“Farmers are struggling after one of the hottest and driest months recorded have left entire crops parched and failed”.

This is NORTH YORKSHIRE, near Wetherby.

Thousands of miles away in Enkito, Amboseli, SW Kenya, the ground is always parched. When the rains finally do arrive the ground soaks up as much as it can and then surface water washes away most of the remaining fertile topsoil, leaving only rock and sand. But its been like this for hundreds of years. The maasai have learnt to cope – but not to the extent that global warming has now reduced even the glacial cover on Kilimanjaro. Since 2000, the plateau’s three remaining ice fields have shrunk by 26 percent.

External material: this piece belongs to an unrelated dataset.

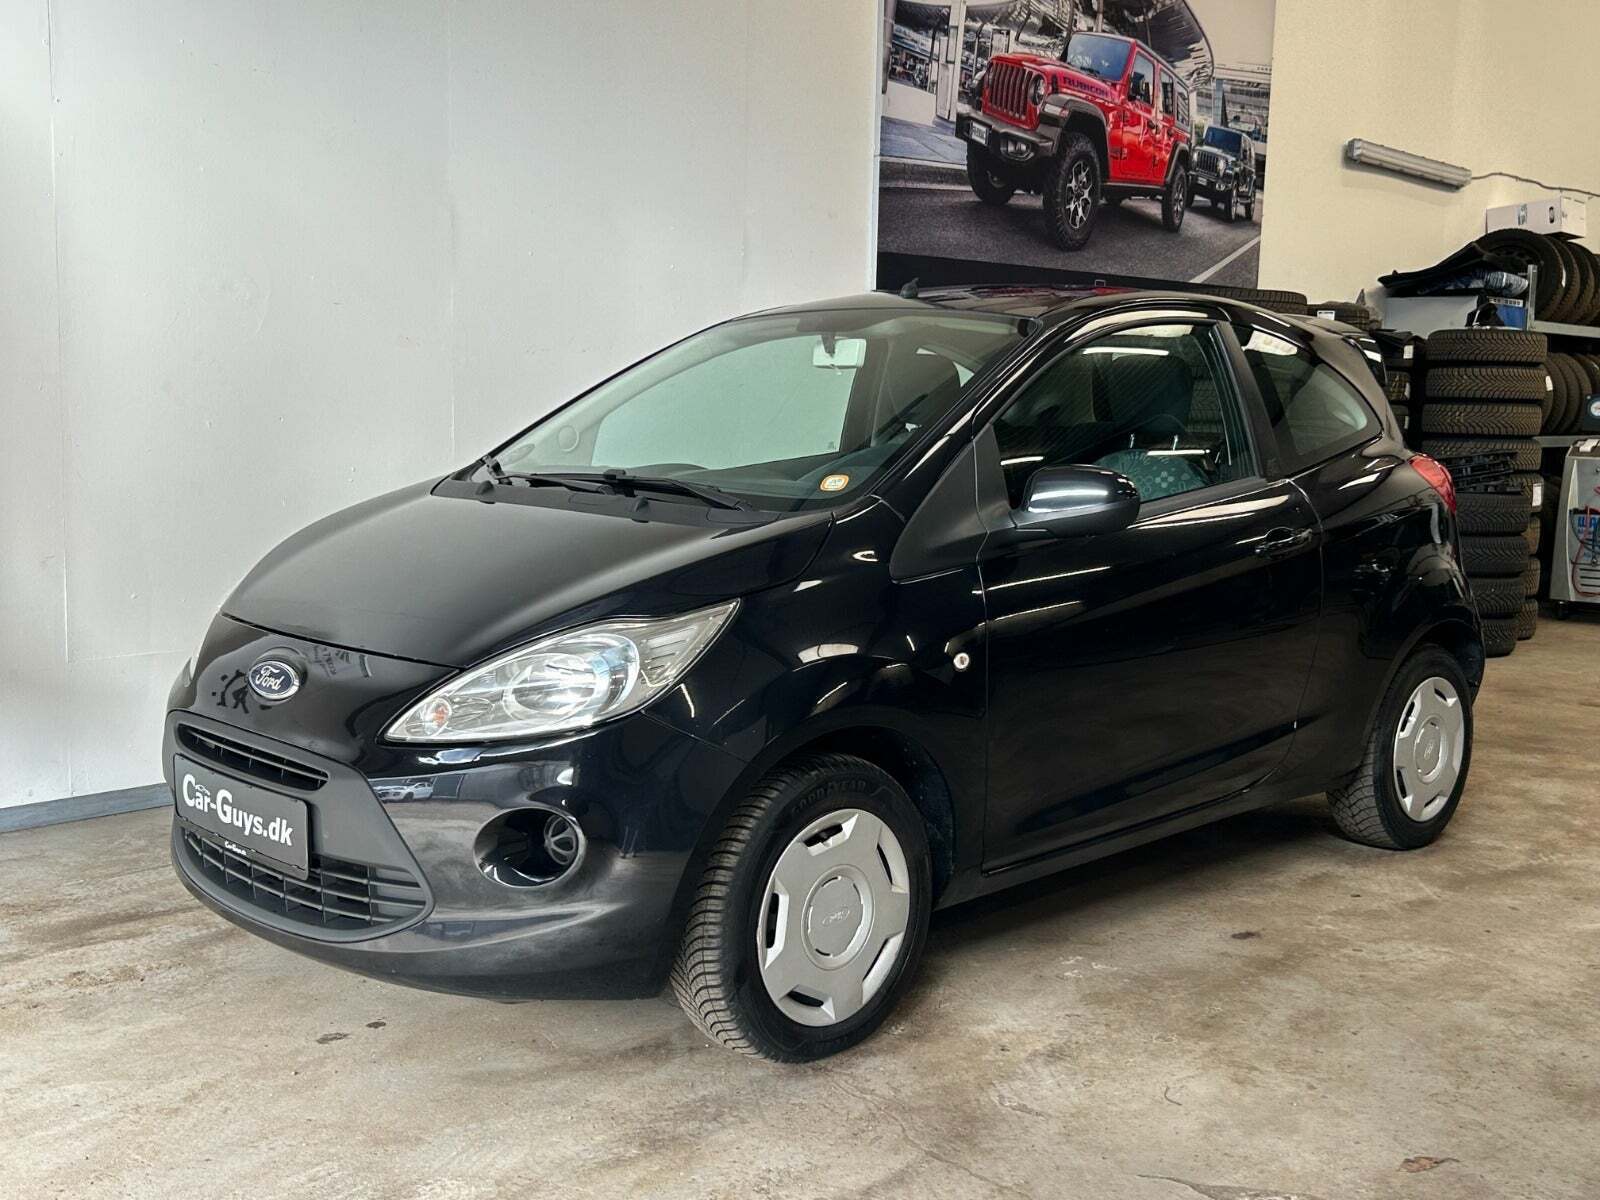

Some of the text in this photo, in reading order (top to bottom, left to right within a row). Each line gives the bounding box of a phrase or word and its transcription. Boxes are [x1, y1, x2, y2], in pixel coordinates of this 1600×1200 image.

Scientists found that both the Northern and Southern ice fields atop Kilimanjaro have thinned dramatically in recent years, while the smaller Furtwangler Glacier shrank as much as 50 percent between 2000 and 2009. These glaciers feed the only rivers in the area, rivers that are running dry.

This is Ulla. She died recently after 2009’s most severe drought yet in the area.

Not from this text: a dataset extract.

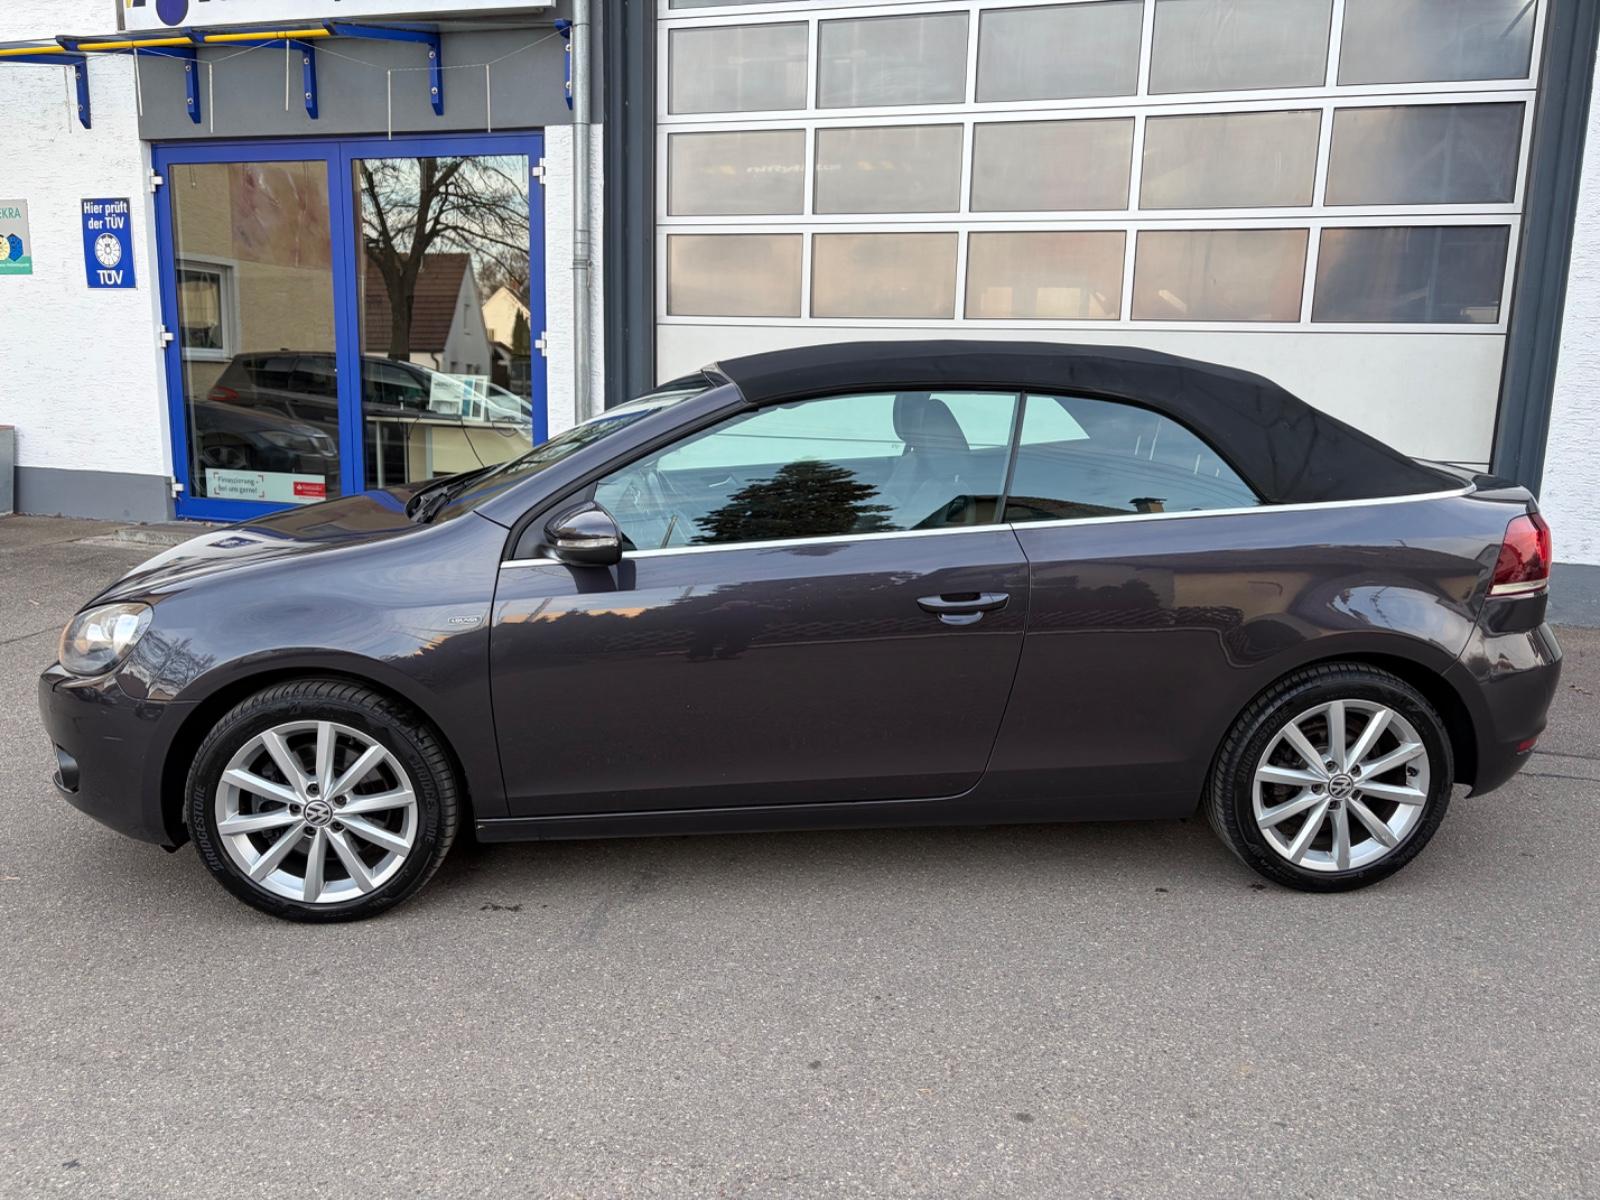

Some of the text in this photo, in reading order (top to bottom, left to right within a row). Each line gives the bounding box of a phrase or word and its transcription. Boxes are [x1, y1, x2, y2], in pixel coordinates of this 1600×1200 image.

[84, 201, 128, 217] Hier prüft
[88, 214, 125, 230] der TÜV
[96, 270, 124, 285] TÜV
[194, 784, 224, 871] BRIDGESTONE

The maasai community of Enkito is one we are personally involved with. Volunteer interaction with the group have found that there is a tap outside the village which works for one day a week, flitering a private supply of water, which must be paid for but it is sporadic, unreliable and spared among many other communities.  The women tend to walk the long distance to the river to ensure adequate water is maintained in the community. Having a well similar to one recently put in at the Mercy Home in Maseno will ease the lives of these women and the community greatly and ensure that their reliance on the river itself does not cause hardship in years to come.

Recently Justgiving has started a FREE TextGiving service and we’d like to ask you to help us bring water to this community, by simply texting ENKI20 £xx (where xx is the amount you wish to give) to 70070; a donation allowing us to sink a borehole well which the community will own and maintain. Full training will be given alongside the communities involvement in drilling.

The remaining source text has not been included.